**TASK TO CARRY OUT:**
Without the images, repeat every line of the listing verbatim.

(SOURCE DATA begins)

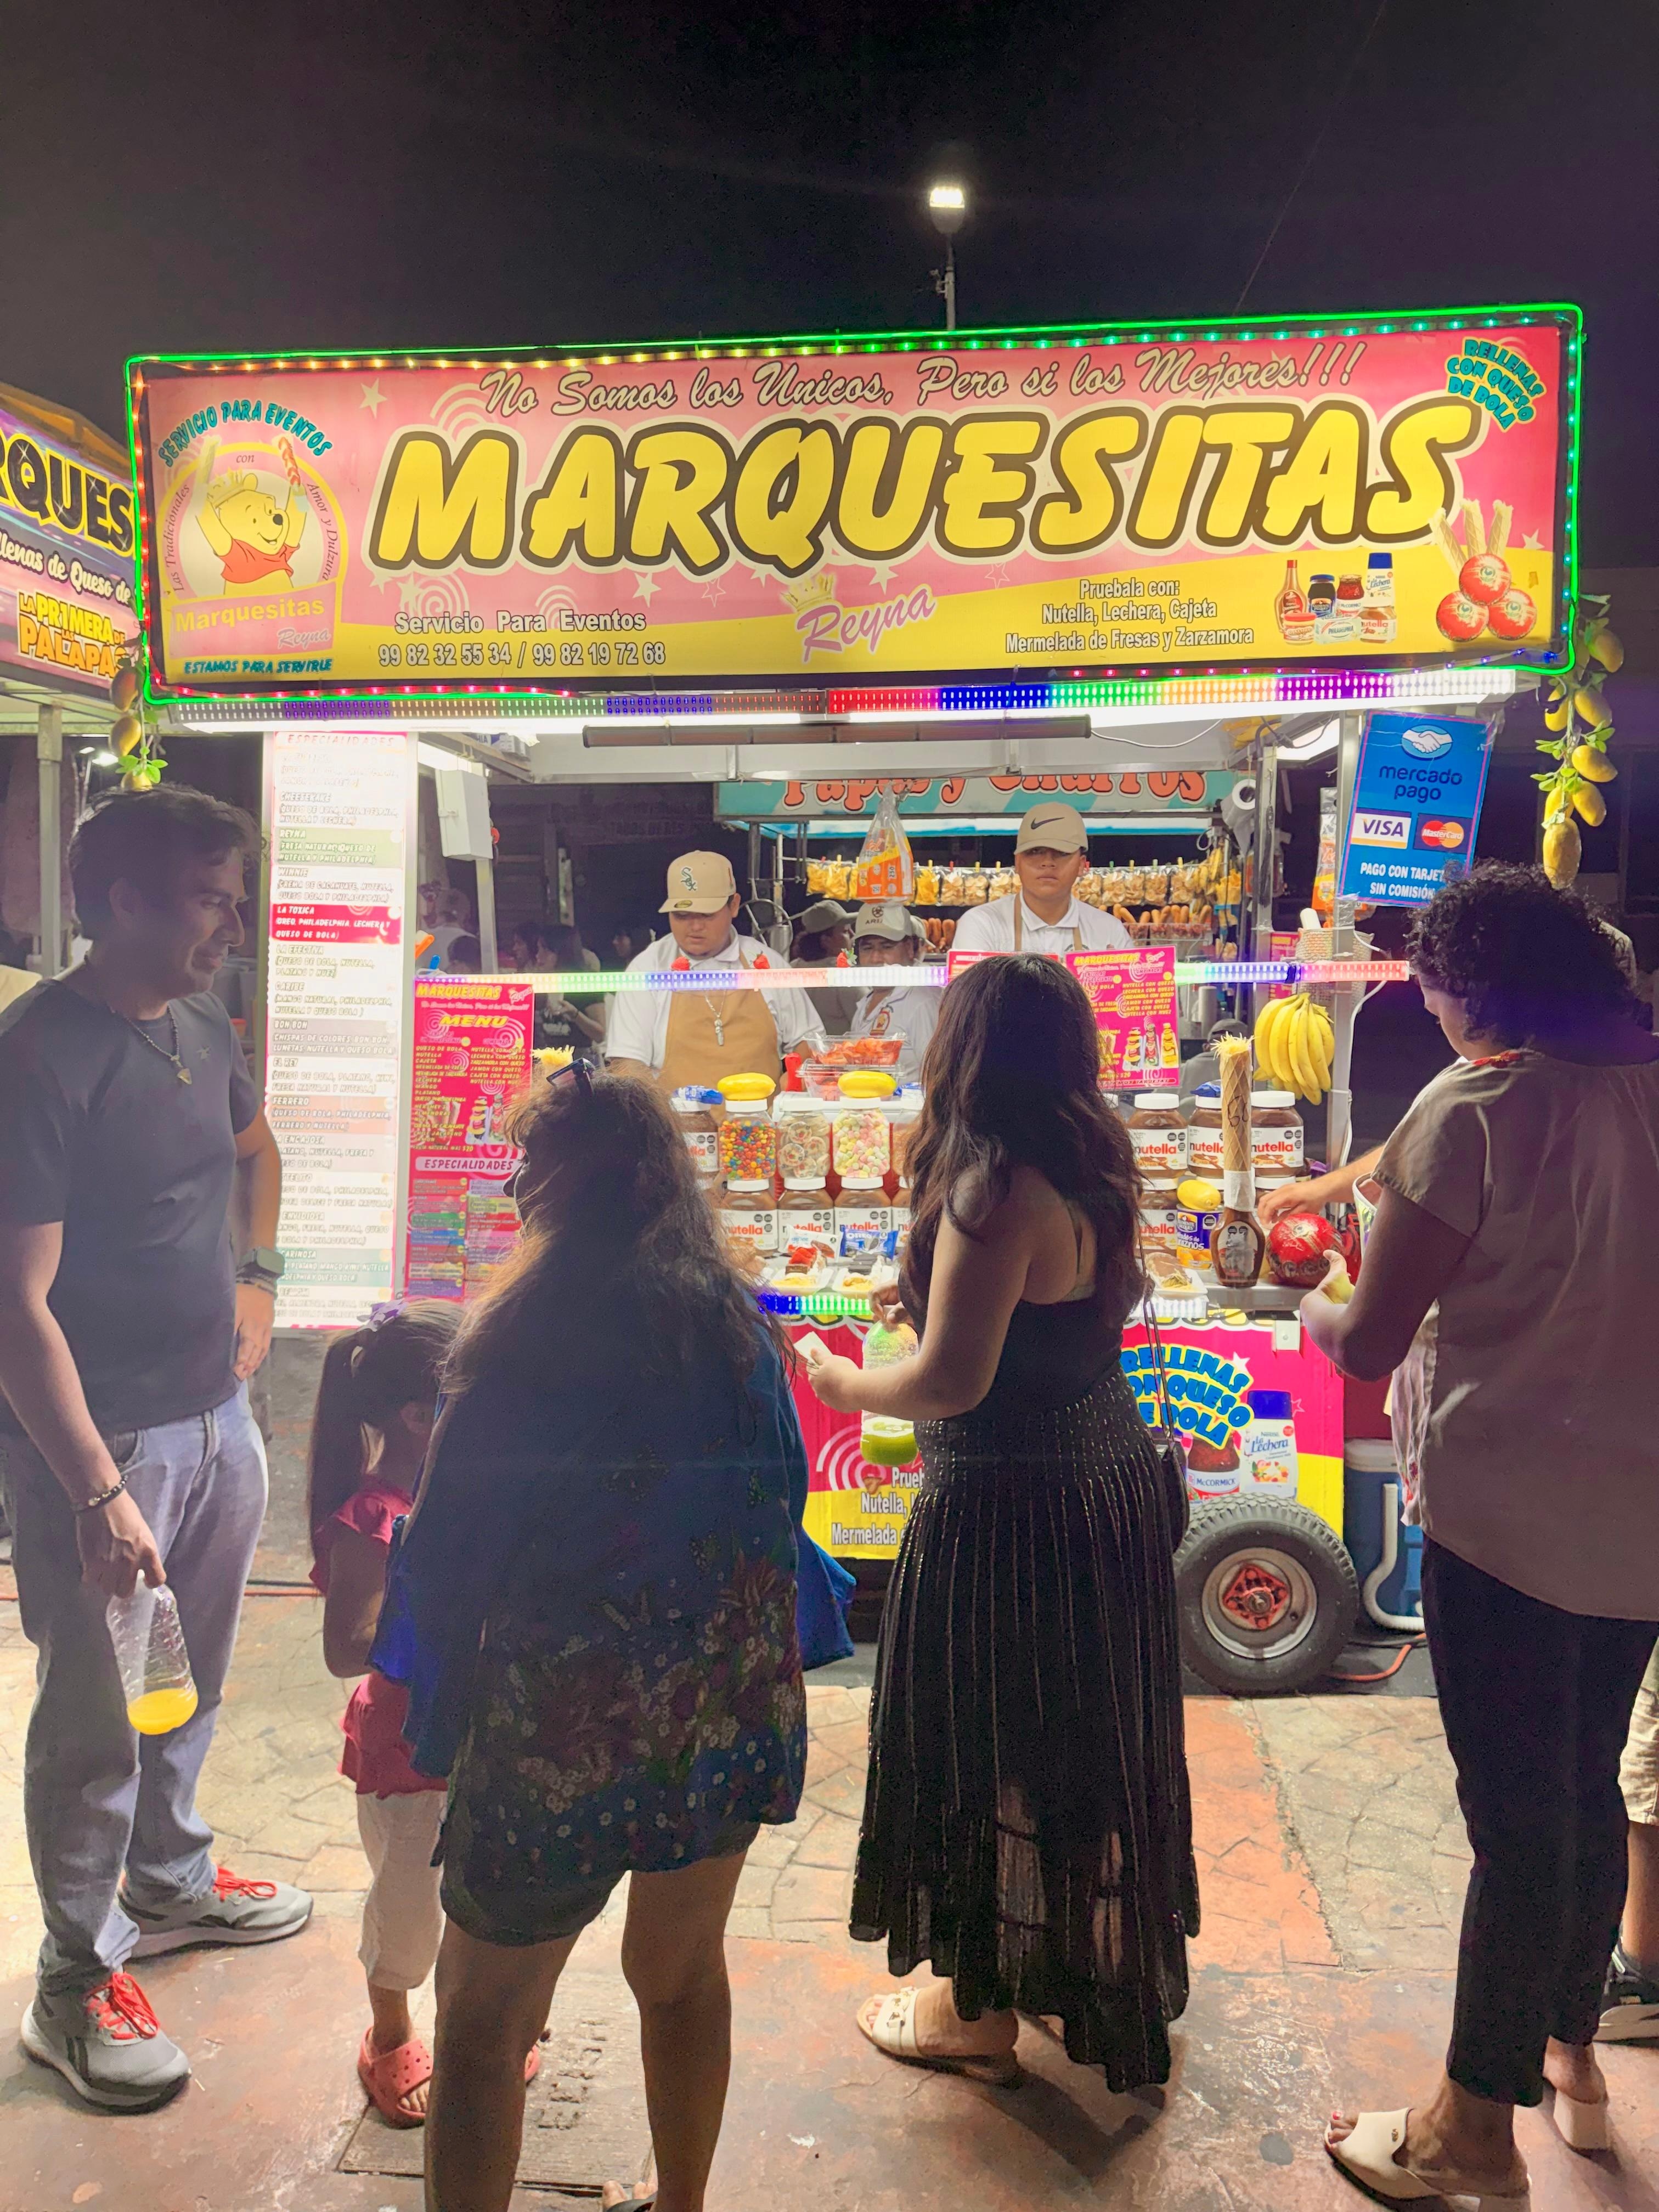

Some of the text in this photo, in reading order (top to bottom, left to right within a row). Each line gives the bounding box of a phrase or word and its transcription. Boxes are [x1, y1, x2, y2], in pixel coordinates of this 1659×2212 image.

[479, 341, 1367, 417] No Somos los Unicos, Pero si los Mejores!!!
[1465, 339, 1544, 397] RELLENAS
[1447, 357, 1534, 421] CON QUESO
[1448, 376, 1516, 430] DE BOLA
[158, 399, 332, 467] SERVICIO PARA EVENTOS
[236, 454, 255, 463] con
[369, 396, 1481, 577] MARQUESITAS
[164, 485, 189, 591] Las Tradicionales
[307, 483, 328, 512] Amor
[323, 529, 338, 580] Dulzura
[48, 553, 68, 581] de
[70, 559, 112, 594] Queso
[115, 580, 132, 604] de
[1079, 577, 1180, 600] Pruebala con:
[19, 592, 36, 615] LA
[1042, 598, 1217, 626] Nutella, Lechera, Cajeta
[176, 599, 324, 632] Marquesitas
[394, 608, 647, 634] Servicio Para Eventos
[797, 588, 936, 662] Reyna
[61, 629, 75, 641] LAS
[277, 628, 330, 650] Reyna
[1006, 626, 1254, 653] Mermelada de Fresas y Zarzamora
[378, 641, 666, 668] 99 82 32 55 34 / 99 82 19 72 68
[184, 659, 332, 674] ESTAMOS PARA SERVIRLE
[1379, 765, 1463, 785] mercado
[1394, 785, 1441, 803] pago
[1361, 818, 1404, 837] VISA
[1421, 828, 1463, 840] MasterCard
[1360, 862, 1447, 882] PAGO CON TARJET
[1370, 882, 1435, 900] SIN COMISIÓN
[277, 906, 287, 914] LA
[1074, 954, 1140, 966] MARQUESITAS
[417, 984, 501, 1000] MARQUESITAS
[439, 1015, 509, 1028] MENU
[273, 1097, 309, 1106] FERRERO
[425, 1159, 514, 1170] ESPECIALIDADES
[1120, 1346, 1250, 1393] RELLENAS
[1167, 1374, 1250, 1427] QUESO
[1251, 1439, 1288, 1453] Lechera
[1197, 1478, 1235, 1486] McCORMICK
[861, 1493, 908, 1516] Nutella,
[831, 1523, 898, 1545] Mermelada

(SOURCE DATA ends)

**ANSWER TO THE PROBLEM:**
Some of the text in this photo, in reading order (top to bottom, left to right within a row). Each line gives the bounding box of a phrase or word and its transcription. Boxes are [x1, y1, x2, y2], in pixel coordinates of this 1659×2212 image.

[479, 341, 1367, 417] No Somos los Unicos, Pero si los Mejores!!!
[1465, 339, 1544, 397] RELLENAS
[1447, 357, 1534, 421] CON QUESO
[1448, 376, 1516, 430] DE BOLA
[158, 399, 332, 467] SERVICIO PARA EVENTOS
[236, 454, 255, 463] con
[369, 396, 1481, 577] MARQUESITAS
[164, 485, 189, 591] Las Tradicionales
[307, 483, 328, 512] Amor
[323, 529, 338, 580] Dulzura
[48, 553, 68, 581] de
[70, 559, 112, 594] Queso
[115, 580, 132, 604] de
[1079, 577, 1180, 600] Pruebala con:
[19, 592, 36, 615] LA
[1042, 598, 1217, 626] Nutella, Lechera, Cajeta
[176, 599, 324, 632] Marquesitas
[394, 608, 647, 634] Servicio Para Eventos
[797, 588, 936, 662] Reyna
[61, 629, 75, 641] LAS
[277, 628, 330, 650] Reyna
[1006, 626, 1254, 653] Mermelada de Fresas y Zarzamora
[378, 641, 666, 668] 99 82 32 55 34 / 99 82 19 72 68
[184, 659, 332, 674] ESTAMOS PARA SERVIRLE
[1379, 765, 1463, 785] mercado
[1394, 785, 1441, 803] pago
[1361, 818, 1404, 837] VISA
[1421, 828, 1463, 840] MasterCard
[1360, 862, 1447, 882] PAGO CON TARJET
[1370, 882, 1435, 900] SIN COMISIÓN
[277, 906, 287, 914] LA
[1074, 954, 1140, 966] MARQUESITAS
[417, 984, 501, 1000] MARQUESITAS
[439, 1015, 509, 1028] MENU
[273, 1097, 309, 1106] FERRERO
[425, 1159, 514, 1170] ESPECIALIDADES
[1120, 1346, 1250, 1393] RELLENAS
[1167, 1374, 1250, 1427] QUESO
[1251, 1439, 1288, 1453] Lechera
[1197, 1478, 1235, 1486] McCORMICK
[861, 1493, 908, 1516] Nutella,
[831, 1523, 898, 1545] Mermelada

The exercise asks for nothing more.